[Start of Attachment]

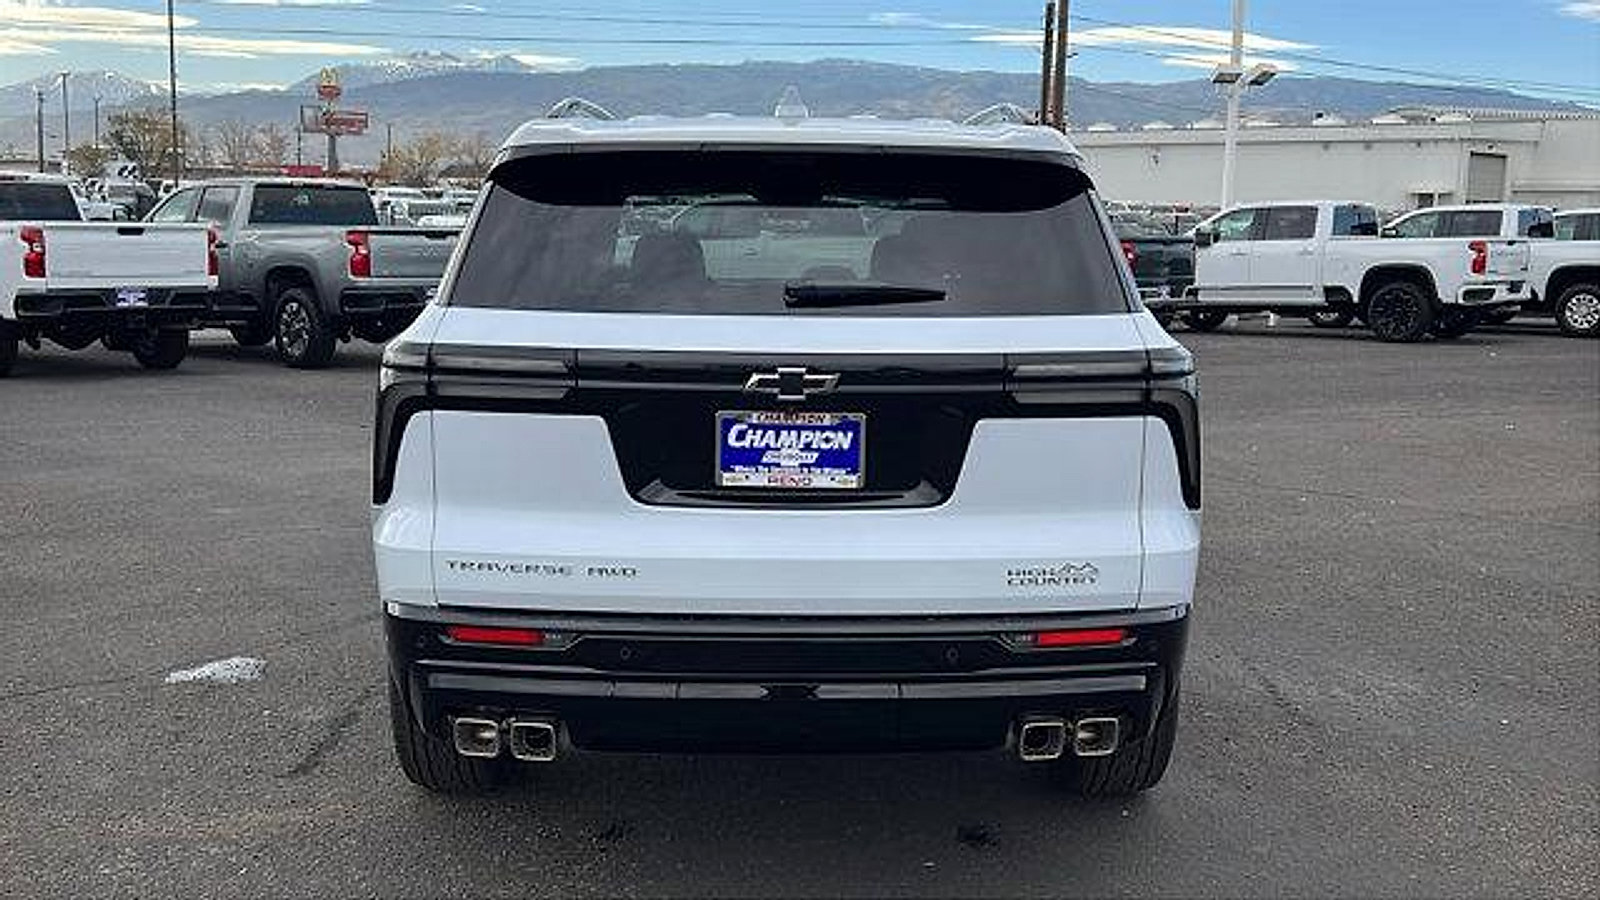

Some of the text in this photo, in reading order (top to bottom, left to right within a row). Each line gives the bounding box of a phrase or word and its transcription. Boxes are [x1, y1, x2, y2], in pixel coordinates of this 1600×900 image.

[446, 560, 637, 578] TRAVERSE AWD
[1007, 569, 1055, 577] HIGH
[1007, 577, 1097, 586] COUNTRY
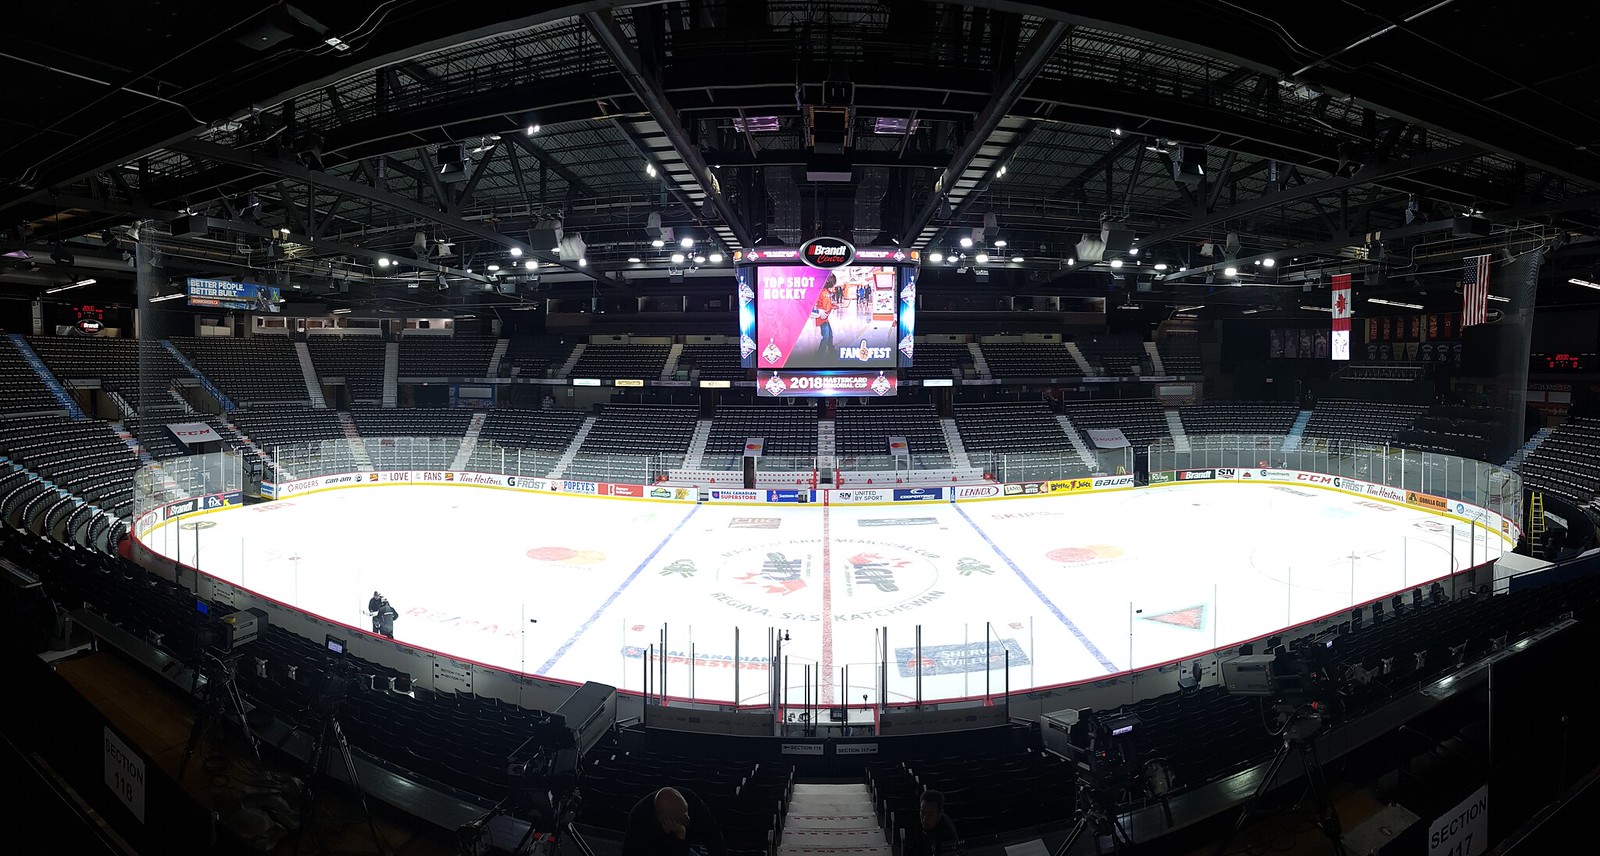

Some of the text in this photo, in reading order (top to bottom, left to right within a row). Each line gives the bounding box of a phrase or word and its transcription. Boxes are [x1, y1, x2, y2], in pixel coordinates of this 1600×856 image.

[814, 245, 847, 256] Brandt
[190, 279, 245, 291] BETTER PEOPLE.
[763, 277, 815, 288] TOP SHOT
[190, 287, 217, 296] BETTER
[763, 289, 806, 300] HOCKEY
[790, 377, 823, 389] 2018
[390, 472, 409, 481] LOVE
[424, 472, 442, 480] FANS
[459, 473, 502, 486] Tim Hortons
[1185, 471, 1212, 479] Brandt
[1297, 473, 1332, 484] CCM
[294, 480, 319, 491] ROGERS
[517, 481, 546, 490] FROST
[1341, 482, 1364, 492] FROST
[1367, 484, 1378, 496] Tim
[960, 487, 992, 496] LENNOX
[1420, 496, 1446, 508] GORILLA GLUE
[170, 501, 193, 515] Brandt
[105, 738, 143, 786] SECTION
[114, 771, 133, 803] 118
[1431, 796, 1487, 850] SECTION
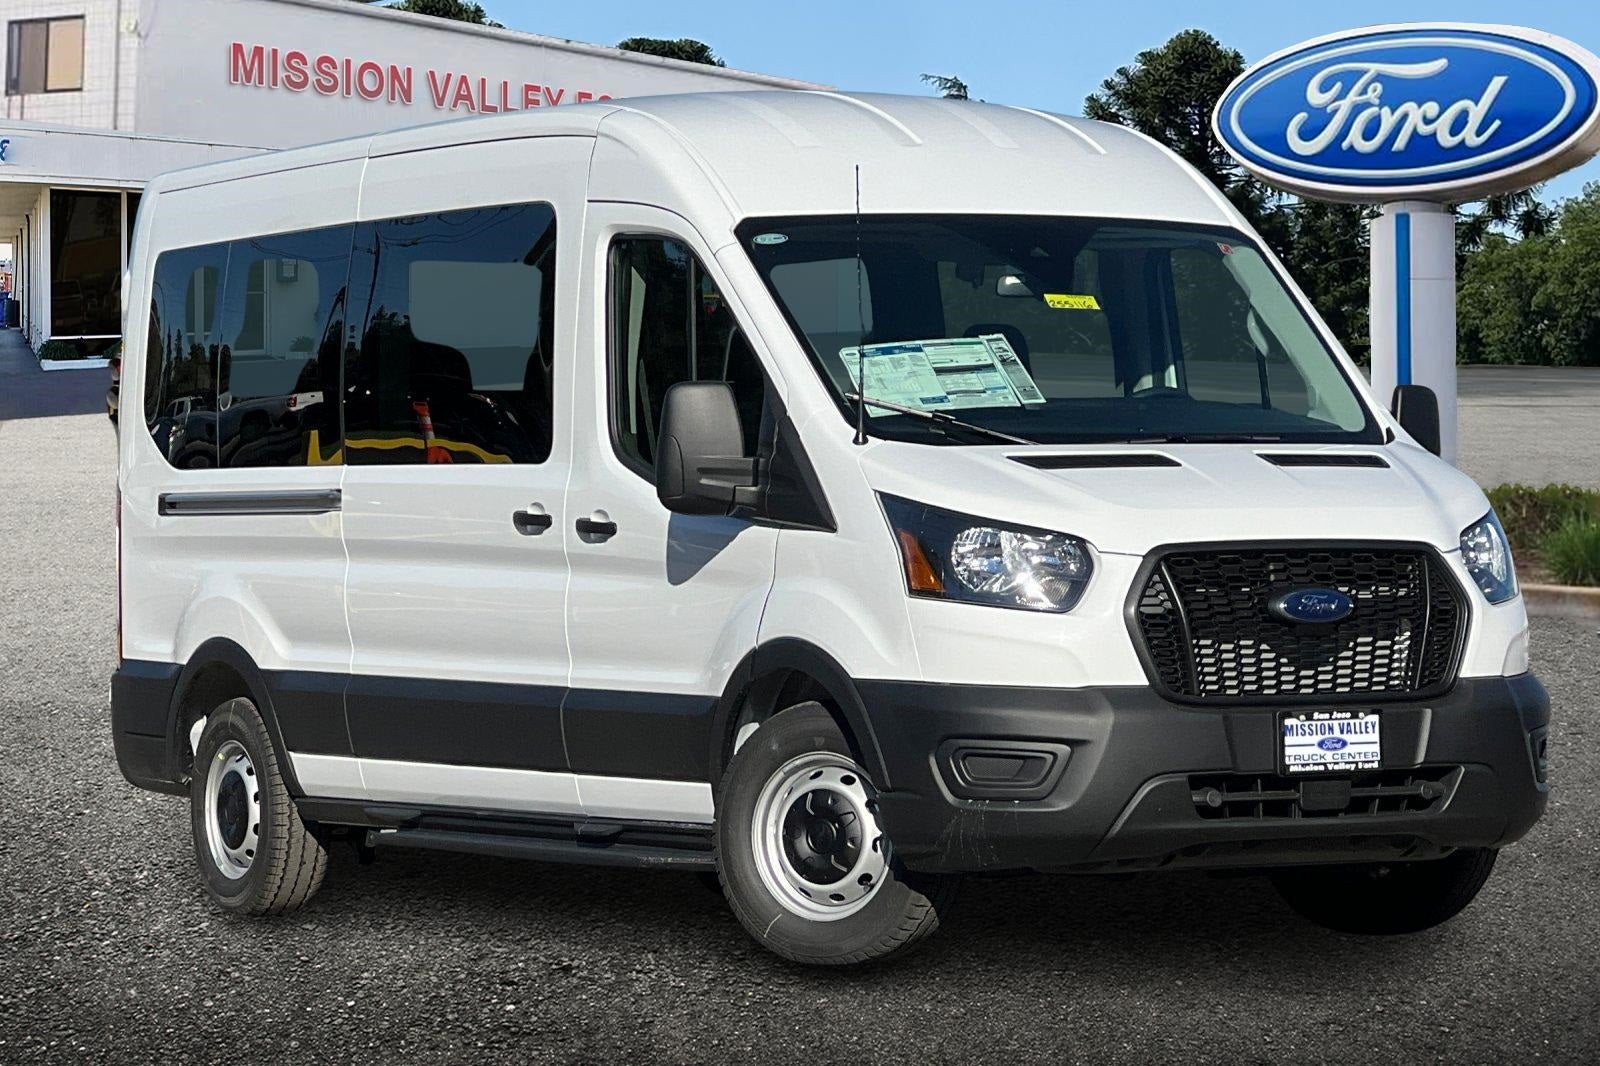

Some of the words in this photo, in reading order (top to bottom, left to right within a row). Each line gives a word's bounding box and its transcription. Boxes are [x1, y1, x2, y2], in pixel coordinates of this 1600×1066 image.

[End of Attachment]

### WHAT TO PRODUCE
What you hand back should match the listing exactly, except that no pictures appear.

### OUTPUT
Some of the text in this photo, in reading order (top to bottom, left to right within a row). Each line gives the bounding box of a phrase or word and its transcription. Boxes are [x1, y1, x2, y2], in pixel coordinates of this 1600×900 image.

[446, 560, 637, 578] TRAVERSE AWD
[1007, 569, 1055, 577] HIGH
[1007, 577, 1097, 586] COUNTRY

Some of the text in this photo, in reading order (top to bottom, left to right within a row). Each line gives the bounding box of a phrase or word and its transcription. Boxes are [x1, y1, x2, y2], in pixel coordinates of this 1600×856 image.

[814, 245, 847, 256] Brandt
[190, 279, 245, 291] BETTER PEOPLE.
[763, 277, 815, 288] TOP SHOT
[190, 287, 217, 296] BETTER
[763, 289, 806, 300] HOCKEY
[790, 377, 823, 389] 2018
[390, 472, 409, 481] LOVE
[424, 472, 442, 480] FANS
[459, 473, 502, 486] Tim Hortons
[1185, 471, 1212, 479] Brandt
[1297, 473, 1332, 484] CCM
[294, 480, 319, 491] ROGERS
[517, 481, 546, 490] FROST
[1341, 482, 1364, 492] FROST
[1367, 484, 1378, 496] Tim
[960, 487, 992, 496] LENNOX
[1420, 496, 1446, 508] GORILLA GLUE
[170, 501, 193, 515] Brandt
[105, 738, 143, 786] SECTION
[114, 771, 133, 803] 118
[1431, 796, 1487, 850] SECTION

Some of the words in this photo, in reading order (top to bottom, left to right within a row). Each line gives a word's bounding box and its transcription. Boxes are [x1, y1, x2, y2], in pixel coordinates of this 1600×1066 image.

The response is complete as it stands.